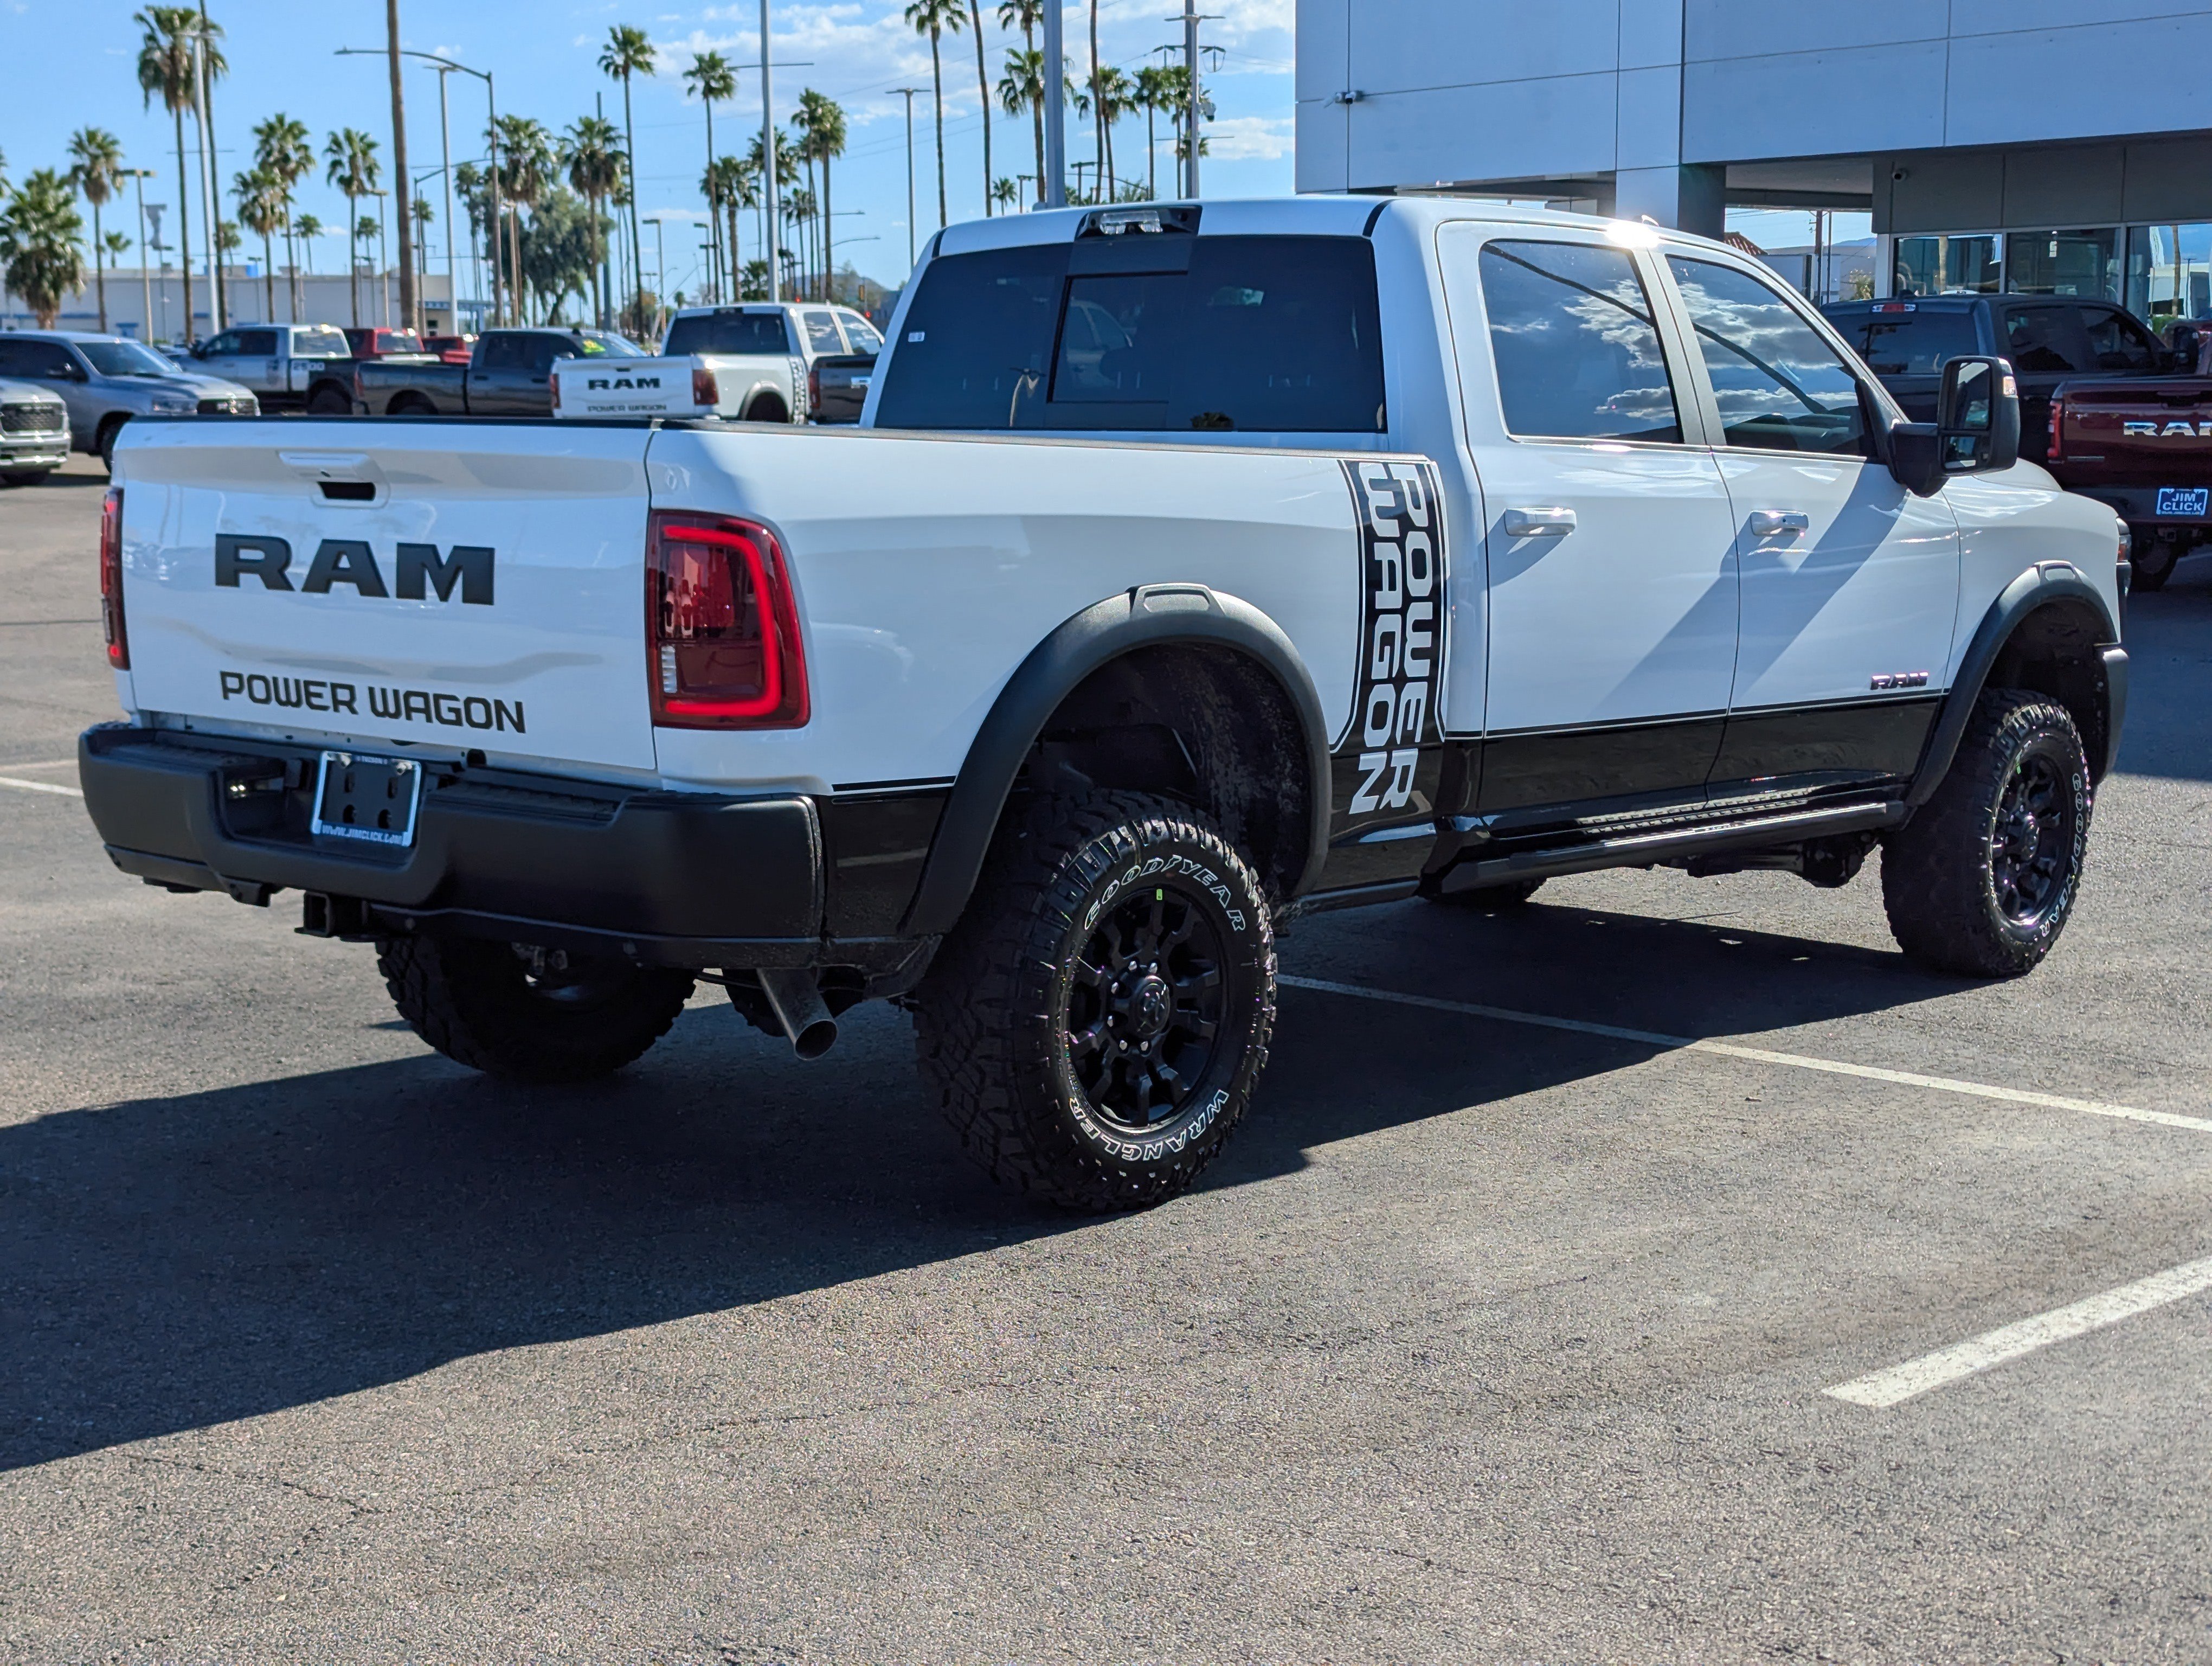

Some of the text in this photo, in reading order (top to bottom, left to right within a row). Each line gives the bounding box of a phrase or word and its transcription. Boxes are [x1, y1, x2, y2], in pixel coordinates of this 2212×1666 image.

[588, 377, 660, 390] RAM
[2162, 502, 2202, 511] CLICK
[2172, 493, 2196, 502] JIM
[215, 533, 495, 606] RAM
[1349, 462, 1403, 815] WAGON
[1379, 463, 1433, 808] POWER
[220, 671, 526, 734] POWER WAGON
[1870, 672, 1928, 690] RAM
[2040, 773, 2084, 937] GOODYEAR
[1085, 855, 1246, 931] GOODYEAR
[1069, 1089, 1229, 1161] WRANGLER
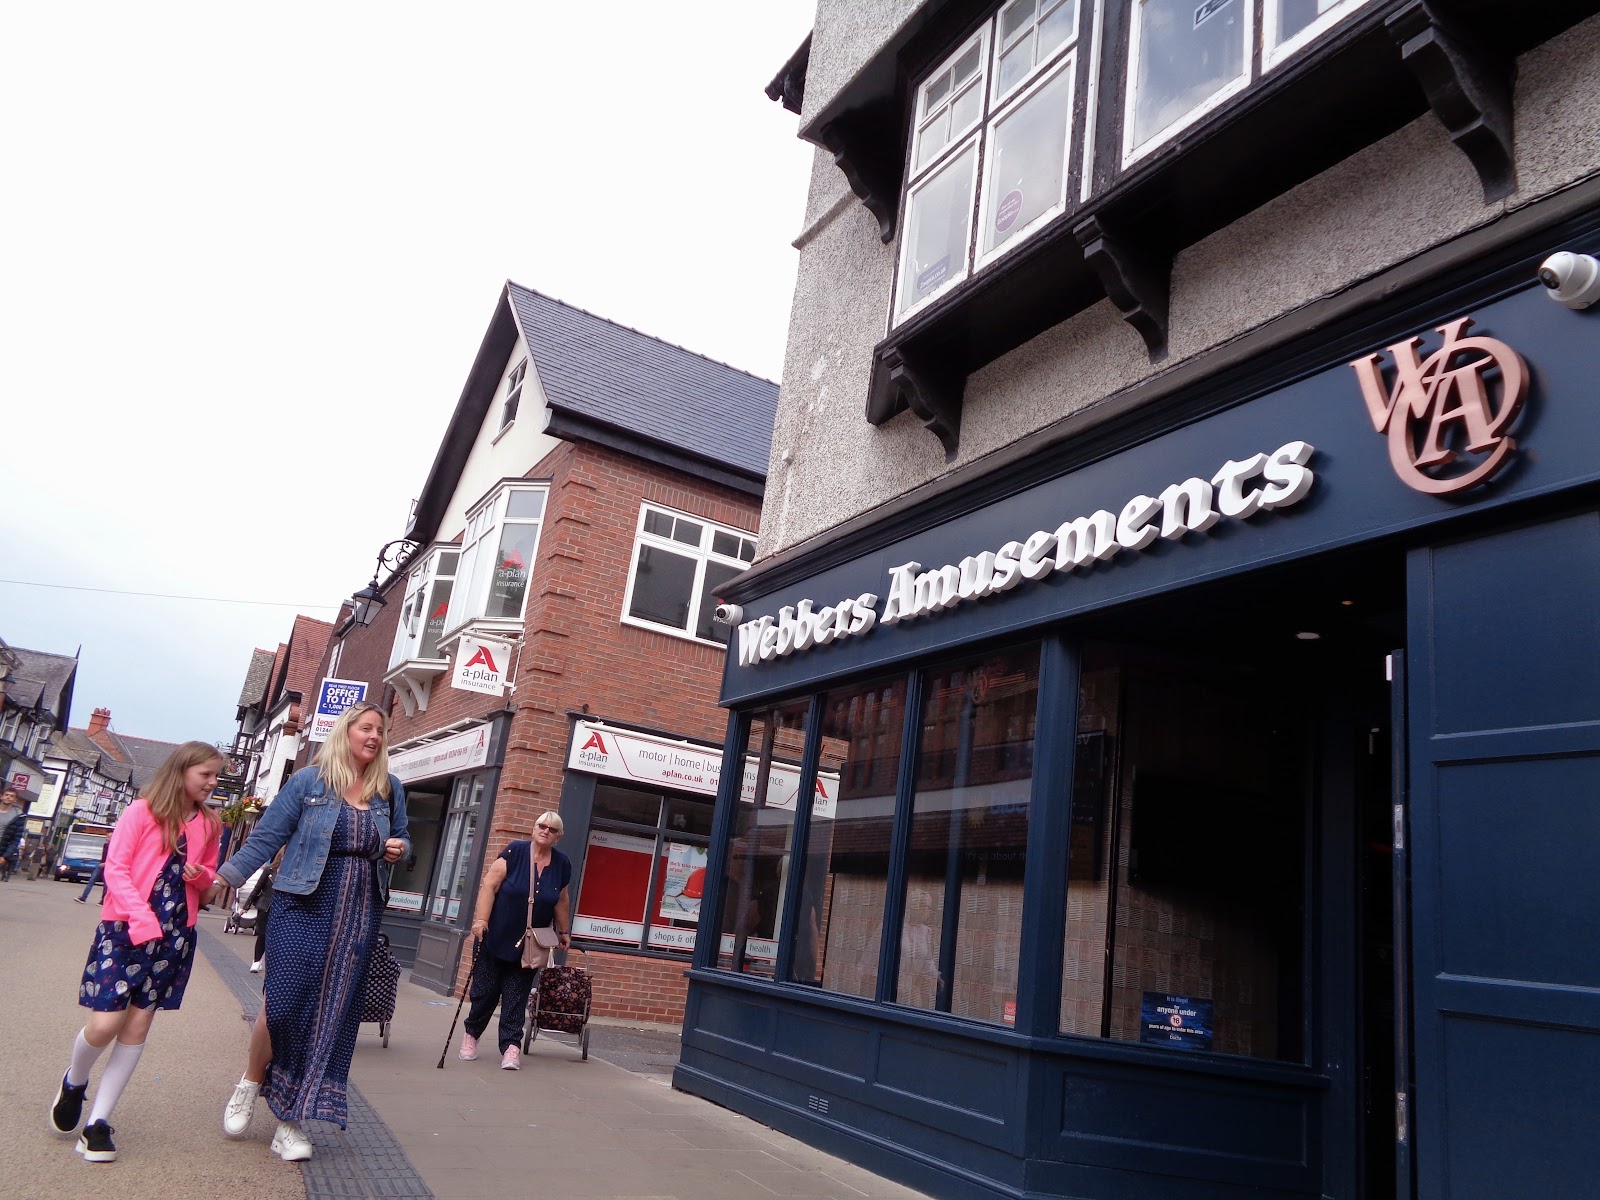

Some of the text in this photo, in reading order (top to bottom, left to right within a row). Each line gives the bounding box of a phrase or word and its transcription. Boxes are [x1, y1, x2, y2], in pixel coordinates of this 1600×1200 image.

[738, 440, 1315, 667] Webbers Amusements
[498, 568, 526, 578] a-plan
[496, 580, 525, 588] insurance
[462, 668, 498, 683] a-plan
[460, 678, 496, 691] insurance
[327, 687, 360, 699] OFFICE
[326, 695, 358, 706] TO LET
[580, 751, 608, 763] a-plan
[638, 749, 667, 763] motor
[674, 754, 701, 770] home
[578, 759, 606, 770] insurance
[662, 769, 703, 783] aplan.co.uk
[590, 922, 624, 936] landlords
[654, 931, 697, 944] shops & off
[749, 943, 771, 954] health
[1157, 1006, 1196, 1016] anyone under

* * * *

## Try it
Take every line from the one containing "this 1600×1200 image." to the end of the listing and output it exactly, with nothing else.

## Answer below
Some of the text in this photo, in reading order (top to bottom, left to right within a row). Each line gives the bounding box of a phrase or word and its transcription. Boxes are [x1, y1, x2, y2], in pixel coordinates of this 1600×1200 image.

[738, 440, 1315, 667] Webbers Amusements
[498, 568, 526, 578] a-plan
[496, 580, 525, 588] insurance
[462, 668, 498, 683] a-plan
[460, 678, 496, 691] insurance
[327, 687, 360, 699] OFFICE
[326, 695, 358, 706] TO LET
[580, 751, 608, 763] a-plan
[638, 749, 667, 763] motor
[674, 754, 701, 770] home
[578, 759, 606, 770] insurance
[662, 769, 703, 783] aplan.co.uk
[590, 922, 624, 936] landlords
[654, 931, 697, 944] shops & off
[749, 943, 771, 954] health
[1157, 1006, 1196, 1016] anyone under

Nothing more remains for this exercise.